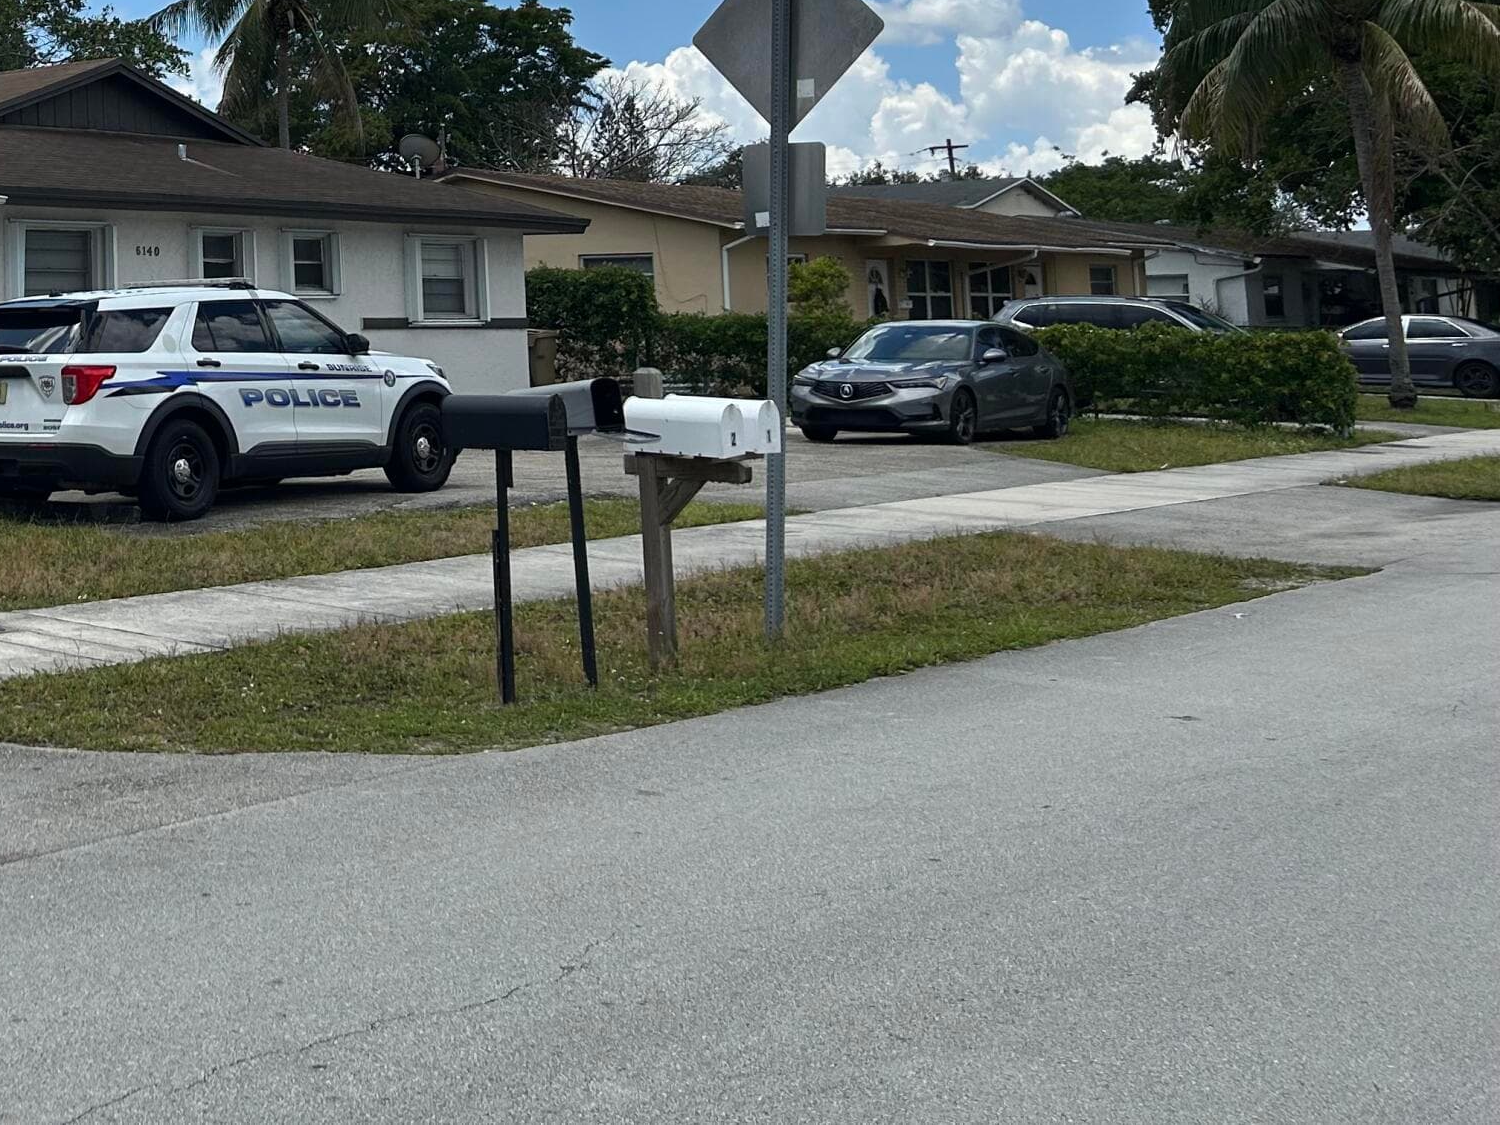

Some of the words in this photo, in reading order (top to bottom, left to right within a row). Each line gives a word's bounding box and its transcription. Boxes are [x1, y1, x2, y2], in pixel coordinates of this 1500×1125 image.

[135, 245, 160, 256] 6140
[0, 355, 49, 363] POLICE
[326, 363, 373, 373] SUNRISE
[239, 388, 361, 408] POLICE
[731, 432, 737, 446] 2
[766, 429, 772, 443] 1
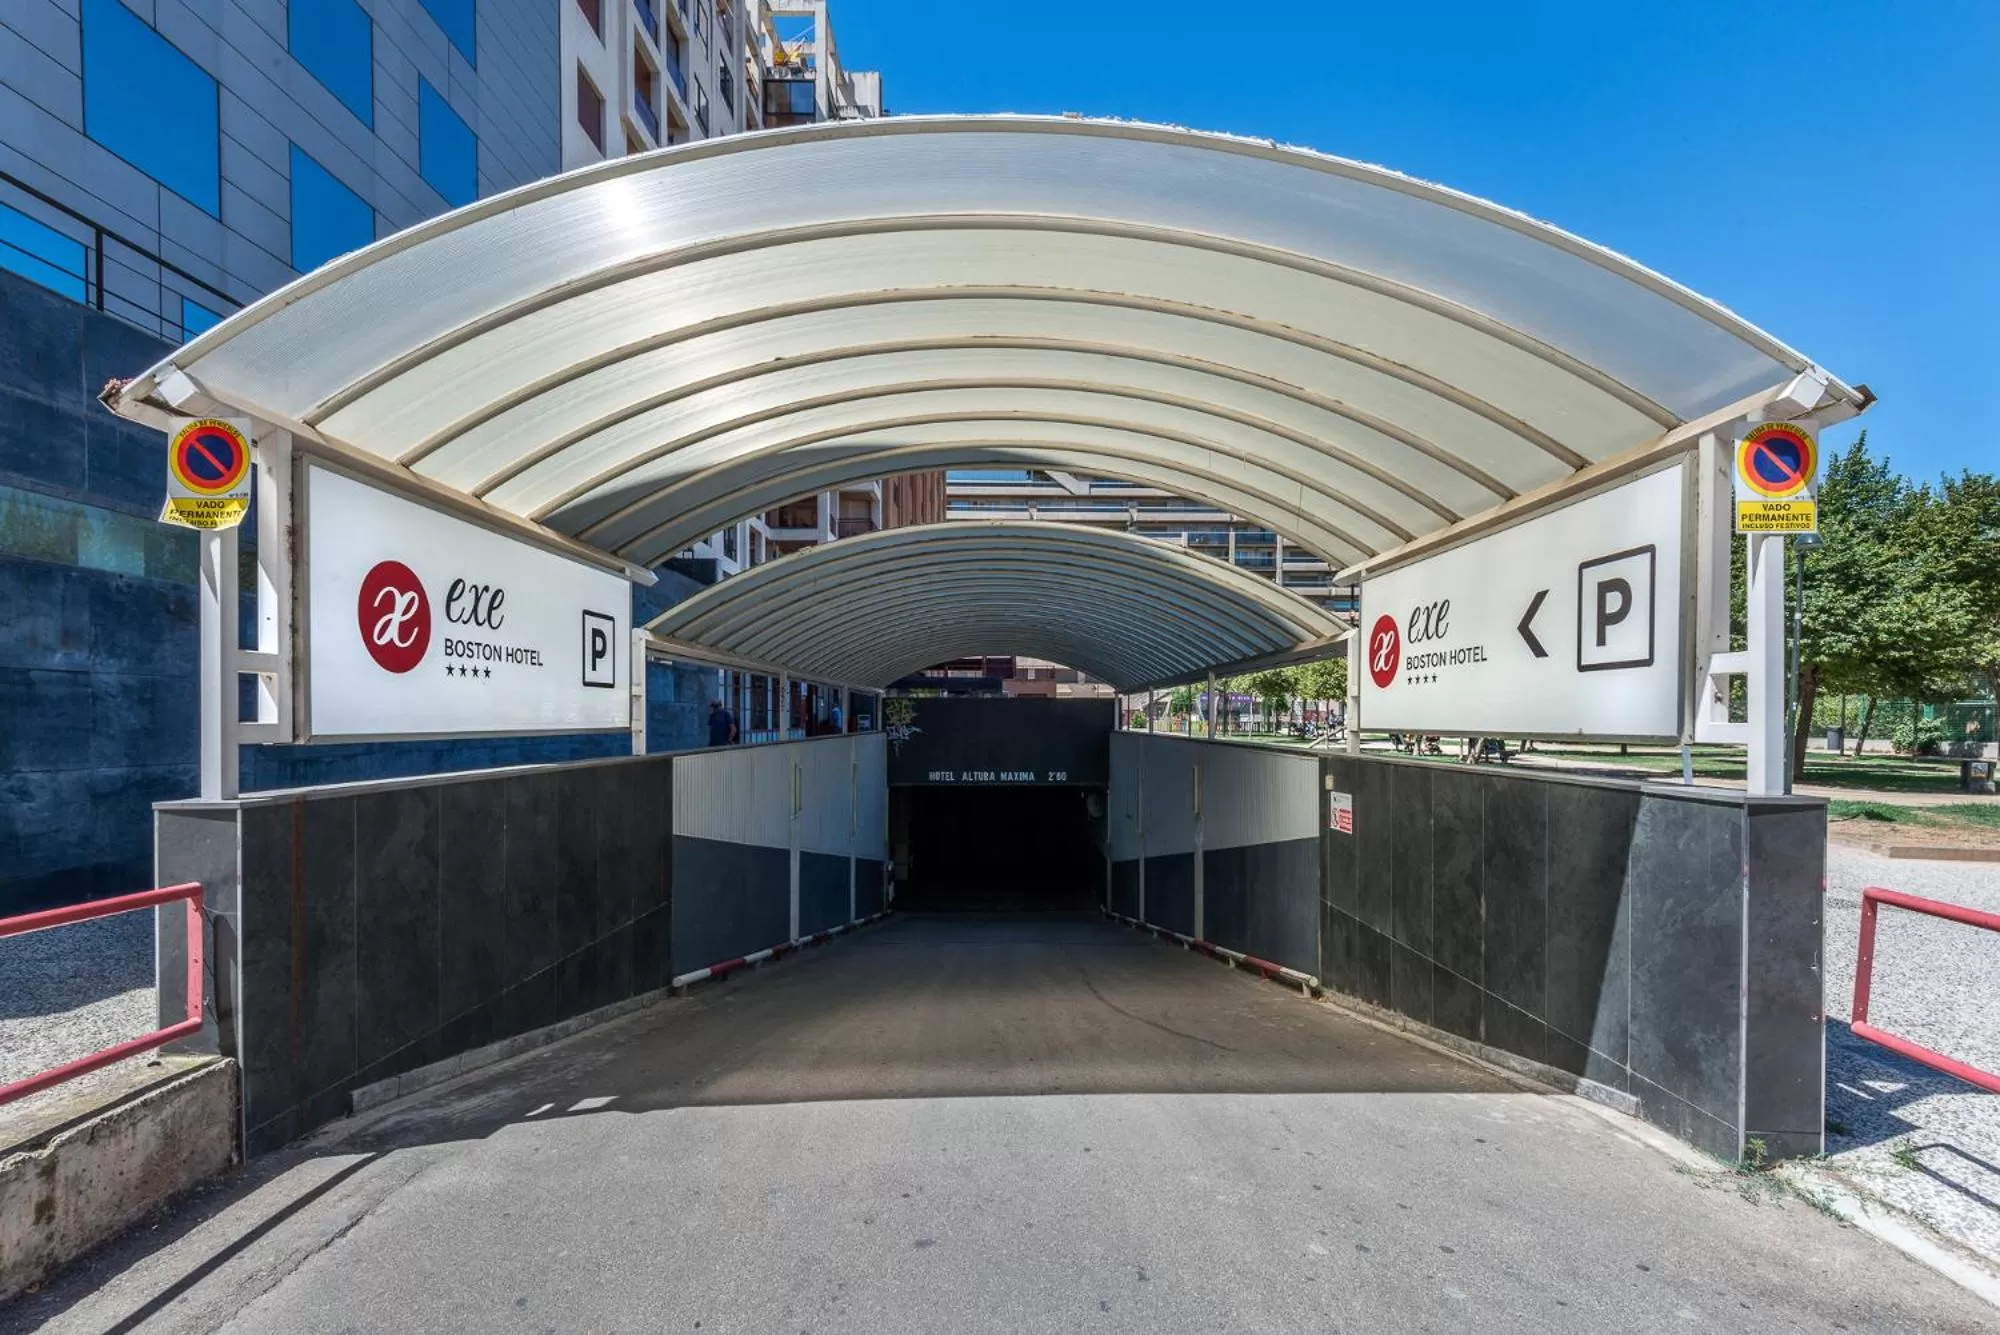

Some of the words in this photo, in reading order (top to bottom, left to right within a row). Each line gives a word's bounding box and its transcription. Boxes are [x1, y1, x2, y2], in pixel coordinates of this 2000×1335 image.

[1741, 513, 1812, 522] PERMANENTE
[1762, 503, 1791, 511] VADO
[445, 578, 505, 630] exe
[1596, 577, 1633, 647] P
[1407, 599, 1450, 644] exe
[444, 638, 502, 662] BOSTON
[506, 647, 543, 666] HOTEL
[591, 627, 607, 671] P
[1406, 651, 1447, 670] BOSTON
[1450, 645, 1487, 665] HOTEL
[928, 771, 955, 781] HOTEL
[961, 771, 996, 781] ALTURA
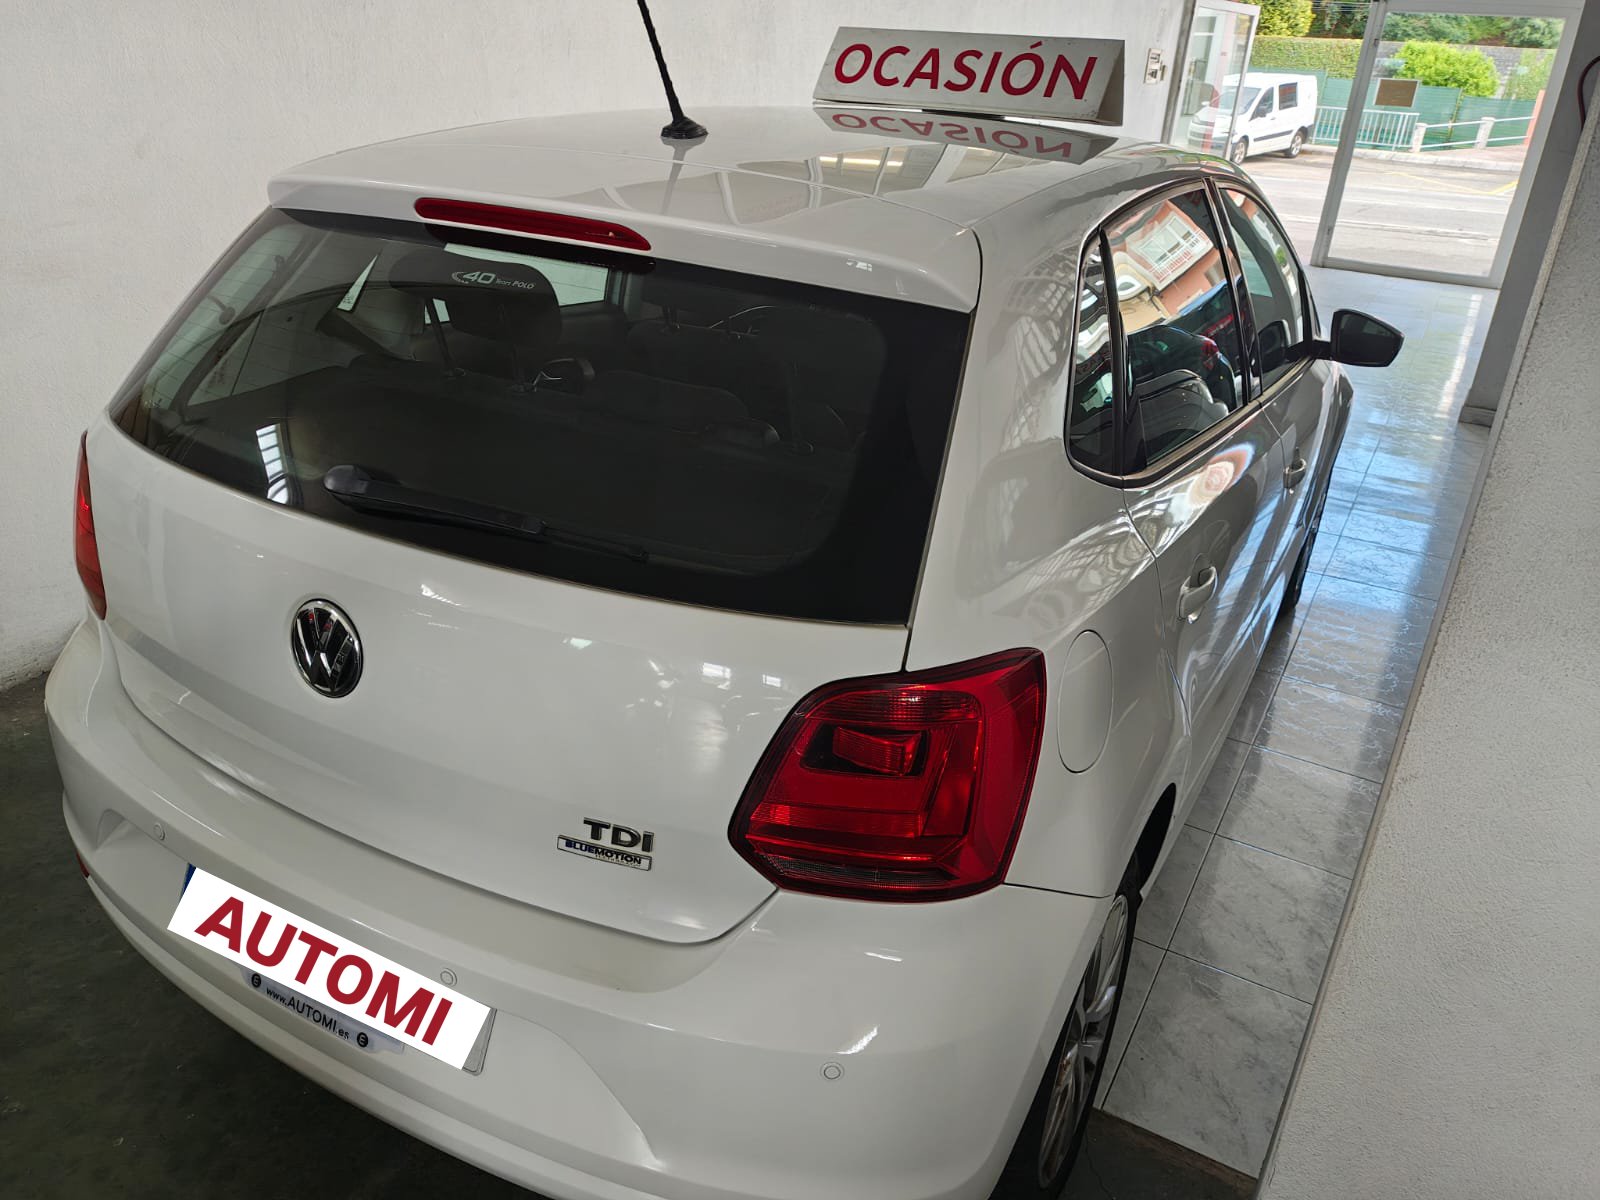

________________________________________

Directions
With the pictures left out, copy exactly the lines from the line holding "this 2000×1335 image." through the final line of the records, including both.

Result
Some of the words in this photo, in reading order (top to bottom, left to right within a row). Each line gives a word's bounding box and its transcription. Boxes are [x1, y1, x2, y2], in pixel coordinates of this 2000×1335 image.

[1741, 513, 1812, 522] PERMANENTE
[1762, 503, 1791, 511] VADO
[445, 578, 505, 630] exe
[1596, 577, 1633, 647] P
[1407, 599, 1450, 644] exe
[444, 638, 502, 662] BOSTON
[506, 647, 543, 666] HOTEL
[591, 627, 607, 671] P
[1406, 651, 1447, 670] BOSTON
[1450, 645, 1487, 665] HOTEL
[928, 771, 955, 781] HOTEL
[961, 771, 996, 781] ALTURA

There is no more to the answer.